Context sharpens the assessment. NordVPN matches Proton’s audit cadence (multiple PwC and Deloitte no-logs audits) from a Panama base, making the two the industry’s evidence leaders by different legal routes. Surfshark and ExpressVPN hold solid but less frequent audits. PIA holds the unique court-tested record from inside US jurisdiction. Mullvad pairs a Cure53 audit with the structural argument that it doesn’t know who you are in the first place.
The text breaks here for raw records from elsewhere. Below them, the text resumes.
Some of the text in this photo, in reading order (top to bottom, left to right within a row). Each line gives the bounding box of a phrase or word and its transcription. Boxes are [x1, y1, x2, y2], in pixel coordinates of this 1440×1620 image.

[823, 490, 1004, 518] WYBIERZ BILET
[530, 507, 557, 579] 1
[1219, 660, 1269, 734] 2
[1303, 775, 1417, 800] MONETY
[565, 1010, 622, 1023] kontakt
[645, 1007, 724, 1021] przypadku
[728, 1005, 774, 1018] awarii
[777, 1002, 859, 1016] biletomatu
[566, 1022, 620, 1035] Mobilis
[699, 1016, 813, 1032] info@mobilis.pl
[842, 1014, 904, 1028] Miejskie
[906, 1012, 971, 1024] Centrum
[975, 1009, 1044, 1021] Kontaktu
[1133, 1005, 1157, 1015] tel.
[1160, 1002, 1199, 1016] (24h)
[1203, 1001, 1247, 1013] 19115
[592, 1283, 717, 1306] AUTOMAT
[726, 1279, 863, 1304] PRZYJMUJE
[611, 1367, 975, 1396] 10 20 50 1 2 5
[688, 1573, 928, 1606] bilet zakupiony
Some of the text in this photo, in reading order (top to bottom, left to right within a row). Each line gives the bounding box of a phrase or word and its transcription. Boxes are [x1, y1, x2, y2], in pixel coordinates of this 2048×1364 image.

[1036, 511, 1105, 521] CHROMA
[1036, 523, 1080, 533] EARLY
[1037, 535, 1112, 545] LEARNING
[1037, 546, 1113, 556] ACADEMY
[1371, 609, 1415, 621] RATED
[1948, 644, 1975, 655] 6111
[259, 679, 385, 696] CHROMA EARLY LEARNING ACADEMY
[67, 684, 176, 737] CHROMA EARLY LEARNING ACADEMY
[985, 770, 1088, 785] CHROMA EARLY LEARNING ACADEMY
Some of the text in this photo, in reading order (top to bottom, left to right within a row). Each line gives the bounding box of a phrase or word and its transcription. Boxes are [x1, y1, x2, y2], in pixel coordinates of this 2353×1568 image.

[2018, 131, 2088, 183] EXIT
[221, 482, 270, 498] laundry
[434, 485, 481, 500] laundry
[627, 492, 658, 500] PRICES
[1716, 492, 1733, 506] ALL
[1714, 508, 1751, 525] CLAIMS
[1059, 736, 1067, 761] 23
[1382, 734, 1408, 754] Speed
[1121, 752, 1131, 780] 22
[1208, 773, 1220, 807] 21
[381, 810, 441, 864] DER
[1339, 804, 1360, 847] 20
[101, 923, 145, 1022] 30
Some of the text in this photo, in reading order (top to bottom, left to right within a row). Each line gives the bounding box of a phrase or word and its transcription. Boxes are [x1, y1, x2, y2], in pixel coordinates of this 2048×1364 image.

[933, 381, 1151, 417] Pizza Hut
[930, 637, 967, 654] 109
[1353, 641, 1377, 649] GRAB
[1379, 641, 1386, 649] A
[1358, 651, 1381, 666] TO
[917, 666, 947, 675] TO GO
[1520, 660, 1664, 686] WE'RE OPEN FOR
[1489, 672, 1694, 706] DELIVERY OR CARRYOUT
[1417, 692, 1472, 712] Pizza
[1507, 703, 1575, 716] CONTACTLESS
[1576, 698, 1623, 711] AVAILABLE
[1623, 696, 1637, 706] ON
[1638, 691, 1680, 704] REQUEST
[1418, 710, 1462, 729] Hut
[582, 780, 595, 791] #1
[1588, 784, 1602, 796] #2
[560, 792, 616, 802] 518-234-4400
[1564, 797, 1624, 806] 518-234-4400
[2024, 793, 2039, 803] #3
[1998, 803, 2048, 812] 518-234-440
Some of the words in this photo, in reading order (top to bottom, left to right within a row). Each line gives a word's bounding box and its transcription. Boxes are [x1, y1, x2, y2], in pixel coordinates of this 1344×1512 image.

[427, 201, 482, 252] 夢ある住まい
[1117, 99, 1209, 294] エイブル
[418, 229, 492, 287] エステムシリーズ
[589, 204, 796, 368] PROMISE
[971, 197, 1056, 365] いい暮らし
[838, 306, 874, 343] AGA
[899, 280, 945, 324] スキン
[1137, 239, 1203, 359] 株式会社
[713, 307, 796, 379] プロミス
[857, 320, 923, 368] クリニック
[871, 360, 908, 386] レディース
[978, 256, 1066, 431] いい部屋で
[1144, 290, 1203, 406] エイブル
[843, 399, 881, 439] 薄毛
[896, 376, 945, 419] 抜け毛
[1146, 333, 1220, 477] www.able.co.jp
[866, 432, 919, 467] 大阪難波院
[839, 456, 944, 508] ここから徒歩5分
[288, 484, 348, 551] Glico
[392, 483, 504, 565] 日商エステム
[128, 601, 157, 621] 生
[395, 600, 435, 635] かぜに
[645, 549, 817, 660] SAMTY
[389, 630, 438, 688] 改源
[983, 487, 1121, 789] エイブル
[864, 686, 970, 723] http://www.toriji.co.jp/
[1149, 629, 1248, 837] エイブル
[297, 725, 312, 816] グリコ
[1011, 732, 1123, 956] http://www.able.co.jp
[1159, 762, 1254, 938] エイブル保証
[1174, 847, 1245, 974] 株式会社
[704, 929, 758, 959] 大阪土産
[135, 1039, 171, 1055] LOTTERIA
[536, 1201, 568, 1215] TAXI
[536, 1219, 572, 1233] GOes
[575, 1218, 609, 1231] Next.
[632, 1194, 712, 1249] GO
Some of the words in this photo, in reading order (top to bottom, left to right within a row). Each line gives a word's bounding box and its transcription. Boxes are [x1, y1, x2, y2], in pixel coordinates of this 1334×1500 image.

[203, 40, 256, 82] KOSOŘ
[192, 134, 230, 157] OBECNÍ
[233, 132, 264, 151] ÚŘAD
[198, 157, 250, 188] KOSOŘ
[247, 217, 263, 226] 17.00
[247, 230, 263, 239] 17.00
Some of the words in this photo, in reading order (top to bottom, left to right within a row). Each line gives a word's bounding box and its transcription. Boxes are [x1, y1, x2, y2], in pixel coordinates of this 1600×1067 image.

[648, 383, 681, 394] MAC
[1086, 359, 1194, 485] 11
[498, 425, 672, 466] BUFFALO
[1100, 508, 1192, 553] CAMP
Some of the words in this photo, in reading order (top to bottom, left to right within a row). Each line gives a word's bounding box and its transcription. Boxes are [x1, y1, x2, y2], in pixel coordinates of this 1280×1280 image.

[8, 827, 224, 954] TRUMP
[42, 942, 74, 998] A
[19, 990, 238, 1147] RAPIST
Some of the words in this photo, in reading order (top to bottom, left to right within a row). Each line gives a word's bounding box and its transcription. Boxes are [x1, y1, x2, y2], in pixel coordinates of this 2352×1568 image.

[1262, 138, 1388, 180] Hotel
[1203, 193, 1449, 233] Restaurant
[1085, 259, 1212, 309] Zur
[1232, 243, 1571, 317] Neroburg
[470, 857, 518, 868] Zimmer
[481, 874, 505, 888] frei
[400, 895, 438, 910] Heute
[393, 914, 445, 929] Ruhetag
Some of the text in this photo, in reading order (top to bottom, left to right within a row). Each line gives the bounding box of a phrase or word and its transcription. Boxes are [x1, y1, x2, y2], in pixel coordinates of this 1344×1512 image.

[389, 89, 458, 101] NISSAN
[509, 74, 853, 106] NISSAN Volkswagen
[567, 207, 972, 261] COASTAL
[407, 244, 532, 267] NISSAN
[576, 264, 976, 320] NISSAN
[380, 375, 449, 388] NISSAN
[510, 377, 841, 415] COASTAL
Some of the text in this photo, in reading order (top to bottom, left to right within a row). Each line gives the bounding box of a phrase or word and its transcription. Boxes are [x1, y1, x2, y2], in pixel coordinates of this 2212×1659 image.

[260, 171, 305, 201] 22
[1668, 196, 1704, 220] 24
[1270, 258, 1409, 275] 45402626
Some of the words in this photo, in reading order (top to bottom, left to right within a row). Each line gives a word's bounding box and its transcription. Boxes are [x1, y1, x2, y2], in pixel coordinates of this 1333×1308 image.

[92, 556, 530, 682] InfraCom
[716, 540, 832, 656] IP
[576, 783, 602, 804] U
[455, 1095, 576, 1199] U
Proton’s distinctive combination remains annual third-party verification plus a jurisdiction with explicit statutory protection for VPN no-logging, plus open-source clients. No one else holds all three at once. For users ranking providers purely on logging trust, that combination is the current ceiling, with NordVPN and Mullvad adjacent for different reasons, a comparison our table’s trust columns make explicit.

Want to compare all VPNs side by side? Check our full VPN comparison table with scores across 18 criteria.

Reader question worth answering directly: does the free tier log differently? No. Free and paid run the same audited infrastructure and the same policy; the free plan’s limits are bandwidth priority and features, never privacy. That equality is rare and deliberate.

Our verdict

Yes, Proton VPN's no-logs claim deserves belief: four straight annual audits, open-source apps, and Swiss law that can't compel VPN logging form the strongest combined case in our comparison alongside NordVPN's. The 2021 ProtonMail incident, cited endlessly against it, actually maps the legal boundary that protects the VPN side of the business. Trust it for privacy; just buy it for privacy, not for Netflix.